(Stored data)
-------------------------
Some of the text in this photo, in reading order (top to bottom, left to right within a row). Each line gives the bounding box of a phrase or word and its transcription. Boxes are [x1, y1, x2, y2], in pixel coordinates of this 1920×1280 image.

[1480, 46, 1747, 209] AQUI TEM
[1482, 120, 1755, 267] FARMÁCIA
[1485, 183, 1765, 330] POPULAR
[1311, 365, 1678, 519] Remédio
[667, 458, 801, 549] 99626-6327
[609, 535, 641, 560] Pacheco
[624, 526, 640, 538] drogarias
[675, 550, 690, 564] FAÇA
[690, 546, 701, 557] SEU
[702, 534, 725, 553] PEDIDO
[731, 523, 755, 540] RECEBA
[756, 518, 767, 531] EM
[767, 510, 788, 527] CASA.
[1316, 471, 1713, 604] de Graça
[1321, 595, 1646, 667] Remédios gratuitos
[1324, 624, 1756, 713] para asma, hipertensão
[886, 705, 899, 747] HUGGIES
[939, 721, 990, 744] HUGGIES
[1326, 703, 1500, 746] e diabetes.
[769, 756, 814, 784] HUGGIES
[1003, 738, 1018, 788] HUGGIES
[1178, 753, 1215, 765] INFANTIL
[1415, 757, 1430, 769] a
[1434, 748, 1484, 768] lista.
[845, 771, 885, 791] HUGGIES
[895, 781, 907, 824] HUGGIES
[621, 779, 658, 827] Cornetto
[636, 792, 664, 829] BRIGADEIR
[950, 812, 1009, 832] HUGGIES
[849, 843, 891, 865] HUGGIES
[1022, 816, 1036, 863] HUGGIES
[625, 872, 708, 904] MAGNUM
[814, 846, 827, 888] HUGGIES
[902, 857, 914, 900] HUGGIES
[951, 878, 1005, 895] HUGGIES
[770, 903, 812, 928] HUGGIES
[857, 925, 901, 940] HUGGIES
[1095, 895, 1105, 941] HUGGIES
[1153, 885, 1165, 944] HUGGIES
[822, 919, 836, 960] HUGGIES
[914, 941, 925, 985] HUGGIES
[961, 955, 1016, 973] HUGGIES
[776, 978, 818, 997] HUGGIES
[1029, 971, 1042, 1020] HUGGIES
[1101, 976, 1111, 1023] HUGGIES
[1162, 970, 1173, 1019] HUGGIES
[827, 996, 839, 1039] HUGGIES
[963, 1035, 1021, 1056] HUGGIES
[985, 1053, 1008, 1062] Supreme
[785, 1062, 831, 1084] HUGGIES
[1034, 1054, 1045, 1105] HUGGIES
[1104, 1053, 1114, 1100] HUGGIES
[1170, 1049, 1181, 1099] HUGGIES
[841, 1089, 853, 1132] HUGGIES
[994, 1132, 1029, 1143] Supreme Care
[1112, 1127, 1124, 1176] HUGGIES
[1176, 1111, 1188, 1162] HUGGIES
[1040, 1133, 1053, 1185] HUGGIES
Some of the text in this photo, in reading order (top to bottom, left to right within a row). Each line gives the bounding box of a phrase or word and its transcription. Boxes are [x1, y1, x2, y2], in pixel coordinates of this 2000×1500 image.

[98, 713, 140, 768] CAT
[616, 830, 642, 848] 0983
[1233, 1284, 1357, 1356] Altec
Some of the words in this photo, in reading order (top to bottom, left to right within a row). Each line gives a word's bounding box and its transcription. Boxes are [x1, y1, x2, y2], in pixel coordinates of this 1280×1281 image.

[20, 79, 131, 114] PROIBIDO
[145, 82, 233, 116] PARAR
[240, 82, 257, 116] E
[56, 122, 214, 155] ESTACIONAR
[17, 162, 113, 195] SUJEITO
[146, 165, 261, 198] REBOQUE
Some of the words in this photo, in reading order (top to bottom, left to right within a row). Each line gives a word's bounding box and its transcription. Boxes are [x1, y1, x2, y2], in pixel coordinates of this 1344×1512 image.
-------------------------
Write out every entry once more, precisely as it stands.

Answer:
Some of the text in this photo, in reading order (top to bottom, left to right within a row). Each line gives the bounding box of a phrase or word and its transcription. Boxes are [x1, y1, x2, y2], in pixel coordinates of this 1920×1280 image.

[1480, 46, 1747, 209] AQUI TEM
[1482, 120, 1755, 267] FARMÁCIA
[1485, 183, 1765, 330] POPULAR
[1311, 365, 1678, 519] Remédio
[667, 458, 801, 549] 99626-6327
[609, 535, 641, 560] Pacheco
[624, 526, 640, 538] drogarias
[675, 550, 690, 564] FAÇA
[690, 546, 701, 557] SEU
[702, 534, 725, 553] PEDIDO
[731, 523, 755, 540] RECEBA
[756, 518, 767, 531] EM
[767, 510, 788, 527] CASA.
[1316, 471, 1713, 604] de Graça
[1321, 595, 1646, 667] Remédios gratuitos
[1324, 624, 1756, 713] para asma, hipertensão
[886, 705, 899, 747] HUGGIES
[939, 721, 990, 744] HUGGIES
[1326, 703, 1500, 746] e diabetes.
[769, 756, 814, 784] HUGGIES
[1003, 738, 1018, 788] HUGGIES
[1178, 753, 1215, 765] INFANTIL
[1415, 757, 1430, 769] a
[1434, 748, 1484, 768] lista.
[845, 771, 885, 791] HUGGIES
[895, 781, 907, 824] HUGGIES
[621, 779, 658, 827] Cornetto
[636, 792, 664, 829] BRIGADEIR
[950, 812, 1009, 832] HUGGIES
[849, 843, 891, 865] HUGGIES
[1022, 816, 1036, 863] HUGGIES
[625, 872, 708, 904] MAGNUM
[814, 846, 827, 888] HUGGIES
[902, 857, 914, 900] HUGGIES
[951, 878, 1005, 895] HUGGIES
[770, 903, 812, 928] HUGGIES
[857, 925, 901, 940] HUGGIES
[1095, 895, 1105, 941] HUGGIES
[1153, 885, 1165, 944] HUGGIES
[822, 919, 836, 960] HUGGIES
[914, 941, 925, 985] HUGGIES
[961, 955, 1016, 973] HUGGIES
[776, 978, 818, 997] HUGGIES
[1029, 971, 1042, 1020] HUGGIES
[1101, 976, 1111, 1023] HUGGIES
[1162, 970, 1173, 1019] HUGGIES
[827, 996, 839, 1039] HUGGIES
[963, 1035, 1021, 1056] HUGGIES
[985, 1053, 1008, 1062] Supreme
[785, 1062, 831, 1084] HUGGIES
[1034, 1054, 1045, 1105] HUGGIES
[1104, 1053, 1114, 1100] HUGGIES
[1170, 1049, 1181, 1099] HUGGIES
[841, 1089, 853, 1132] HUGGIES
[994, 1132, 1029, 1143] Supreme Care
[1112, 1127, 1124, 1176] HUGGIES
[1176, 1111, 1188, 1162] HUGGIES
[1040, 1133, 1053, 1185] HUGGIES
Some of the text in this photo, in reading order (top to bottom, left to right within a row). Each line gives the bounding box of a phrase or word and its transcription. Boxes are [x1, y1, x2, y2], in pixel coordinates of this 2000×1500 image.

[98, 713, 140, 768] CAT
[616, 830, 642, 848] 0983
[1233, 1284, 1357, 1356] Altec
Some of the words in this photo, in reading order (top to bottom, left to right within a row). Each line gives a word's bounding box and its transcription. Boxes are [x1, y1, x2, y2], in pixel coordinates of this 1280×1281 image.

[20, 79, 131, 114] PROIBIDO
[145, 82, 233, 116] PARAR
[240, 82, 257, 116] E
[56, 122, 214, 155] ESTACIONAR
[17, 162, 113, 195] SUJEITO
[146, 165, 261, 198] REBOQUE
Some of the words in this photo, in reading order (top to bottom, left to right within a row). Each line gives a word's bounding box and its transcription. Boxes are [x1, y1, x2, y2], in pixel coordinates of this 1344×1512 image.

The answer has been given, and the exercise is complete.